What you are asked to do: Pictures are to be left out, and every entry repeated exactly.

Study material:
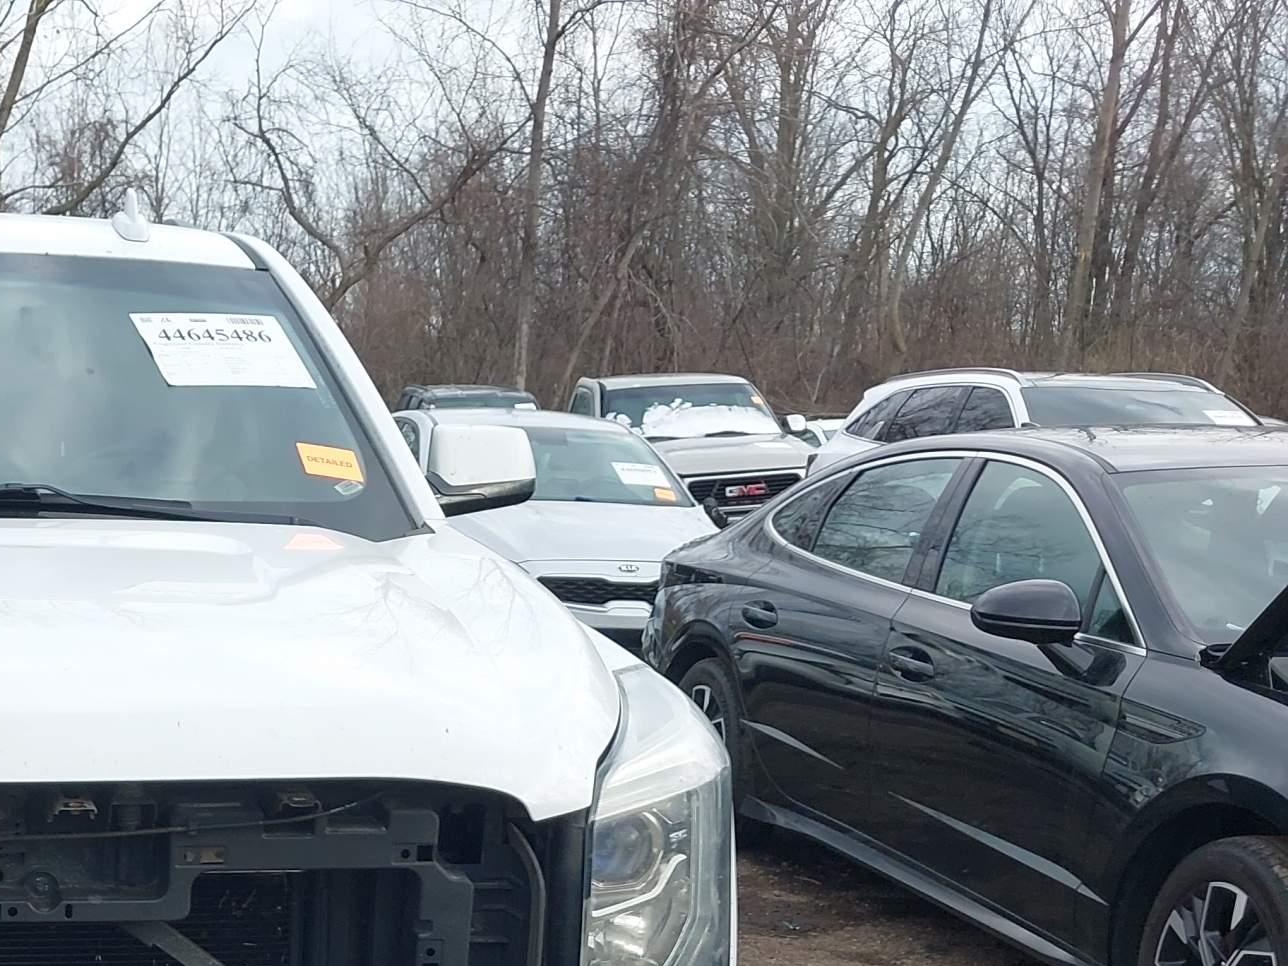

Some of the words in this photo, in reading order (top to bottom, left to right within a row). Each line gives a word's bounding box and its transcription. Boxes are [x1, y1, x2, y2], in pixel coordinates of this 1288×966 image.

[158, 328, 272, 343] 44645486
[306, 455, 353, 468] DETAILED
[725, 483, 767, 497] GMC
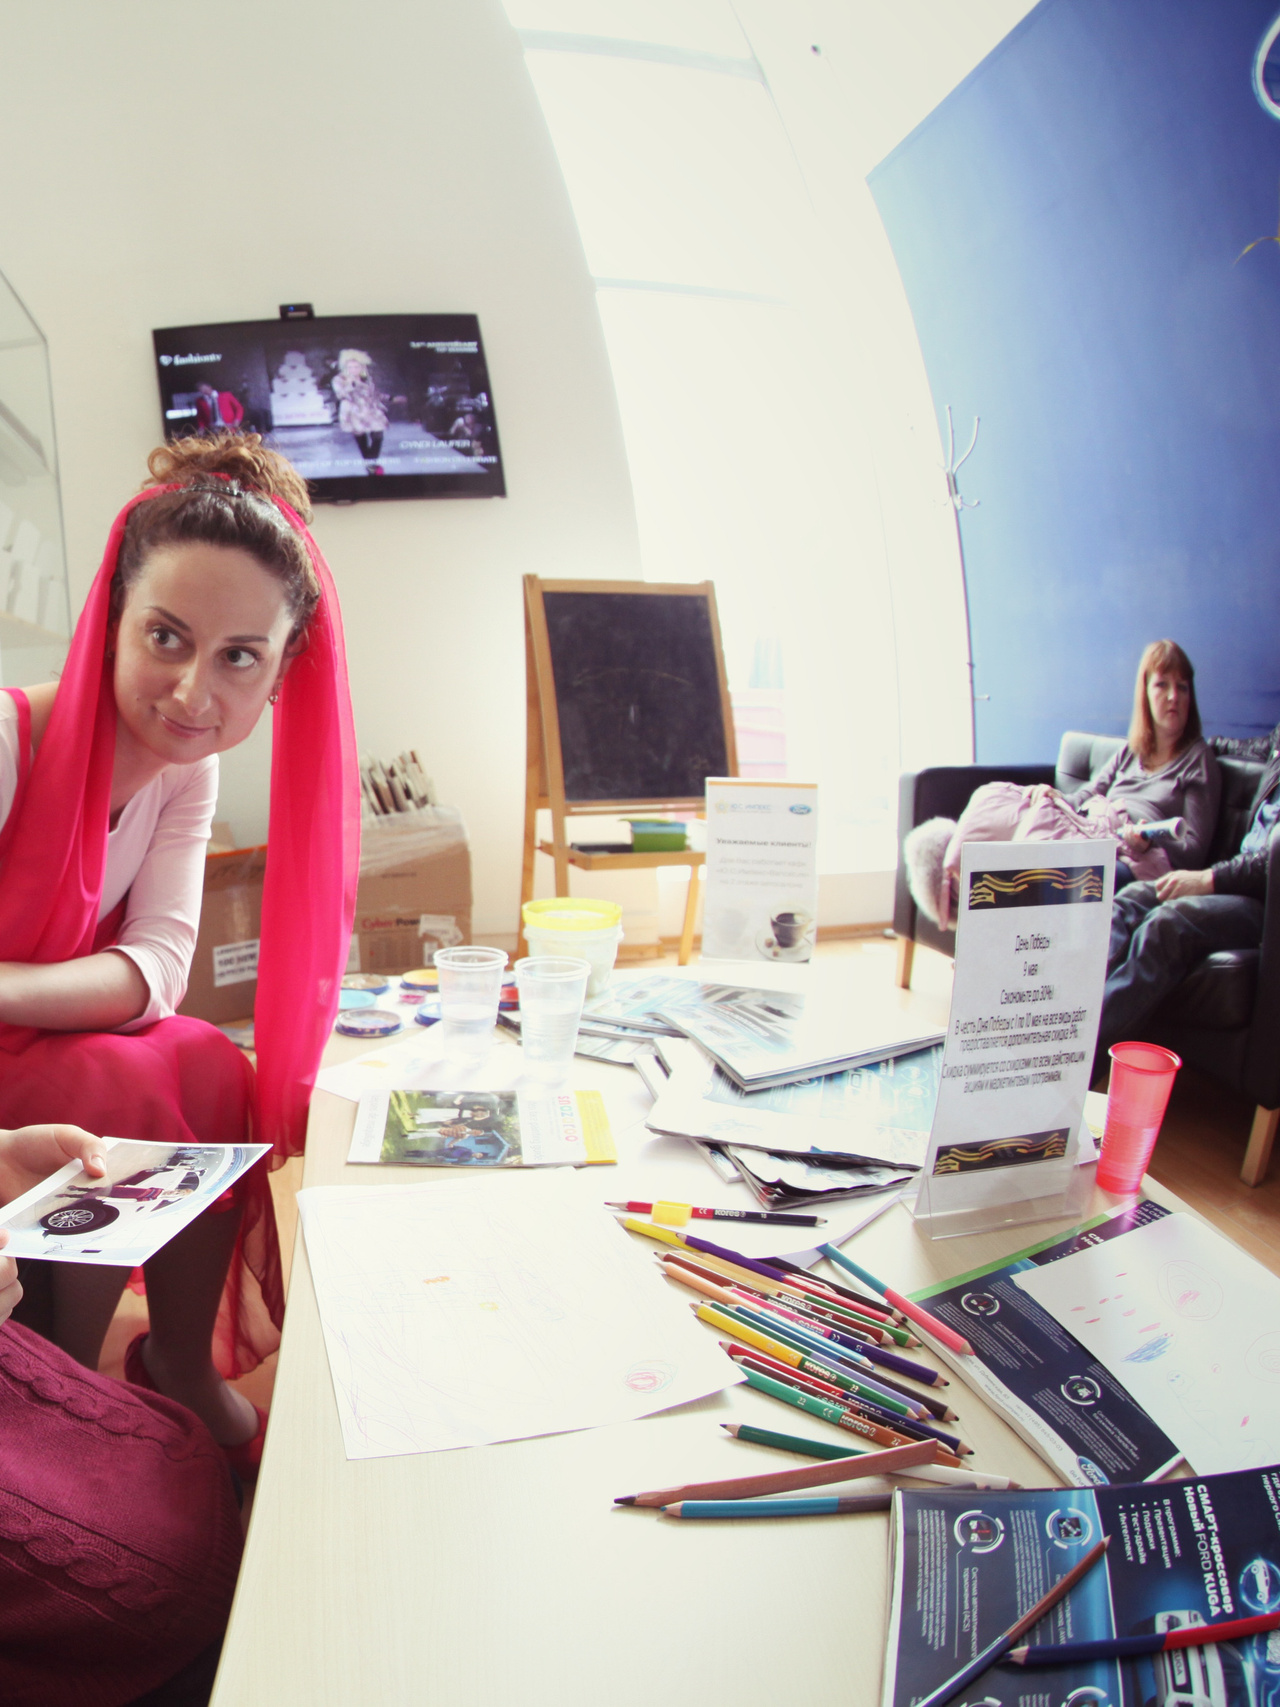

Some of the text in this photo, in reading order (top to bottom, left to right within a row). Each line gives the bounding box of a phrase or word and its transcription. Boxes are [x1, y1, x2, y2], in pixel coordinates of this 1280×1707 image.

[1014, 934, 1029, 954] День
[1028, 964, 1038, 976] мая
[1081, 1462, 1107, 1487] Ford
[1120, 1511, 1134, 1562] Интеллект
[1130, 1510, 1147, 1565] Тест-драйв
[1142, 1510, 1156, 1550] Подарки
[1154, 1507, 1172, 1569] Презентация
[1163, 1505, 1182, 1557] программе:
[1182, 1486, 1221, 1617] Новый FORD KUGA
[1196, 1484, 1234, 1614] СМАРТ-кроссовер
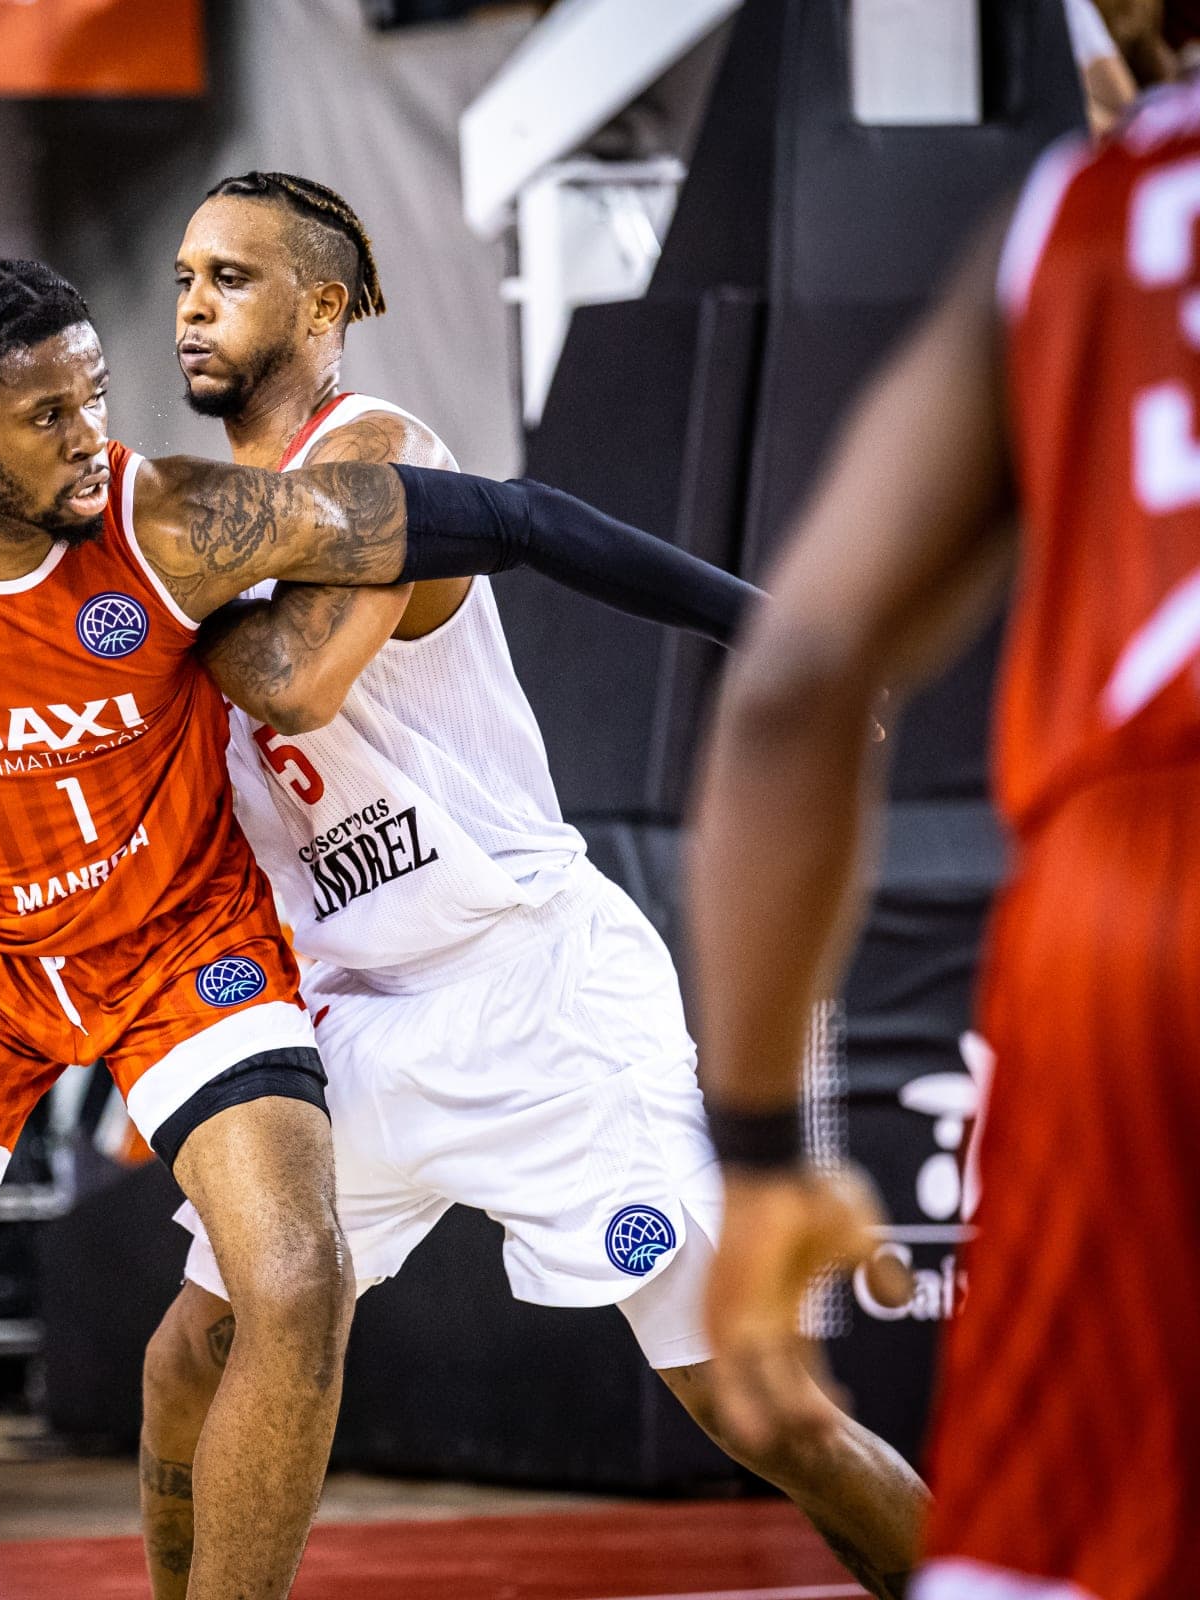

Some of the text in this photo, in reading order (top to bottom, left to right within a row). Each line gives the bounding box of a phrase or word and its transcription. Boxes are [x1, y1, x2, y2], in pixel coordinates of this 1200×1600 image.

Task response:
Some of the words in this photo, in reading order (top to bottom, left to right within a row). Each line gives a word's bounding box and its transcription. Boxes are [x1, y1, x2, y2], in pixel coordinates of this 1288×966 image.

[158, 328, 272, 343] 44645486
[306, 455, 353, 468] DETAILED
[725, 483, 767, 497] GMC

Some of the text in this photo, in reading order (top to bottom, left to right within a row). Each line gives the bounding box of a phrase or word and its transcription. Boxes are [x1, y1, x2, y2], in pixel coordinates of this 1280×1707 image.

[1014, 934, 1029, 954] День
[1028, 964, 1038, 976] мая
[1081, 1462, 1107, 1487] Ford
[1120, 1511, 1134, 1562] Интеллект
[1130, 1510, 1147, 1565] Тест-драйв
[1142, 1510, 1156, 1550] Подарки
[1154, 1507, 1172, 1569] Презентация
[1163, 1505, 1182, 1557] программе:
[1182, 1486, 1221, 1617] Новый FORD KUGA
[1196, 1484, 1234, 1614] СМАРТ-кроссовер

Some of the text in this photo, in reading order (top to bottom, left to right within a row). Each line gives the bounding box of a phrase or word and its transcription. Boxes are [x1, y1, x2, y2], in pixel coordinates of this 1200×1600 image.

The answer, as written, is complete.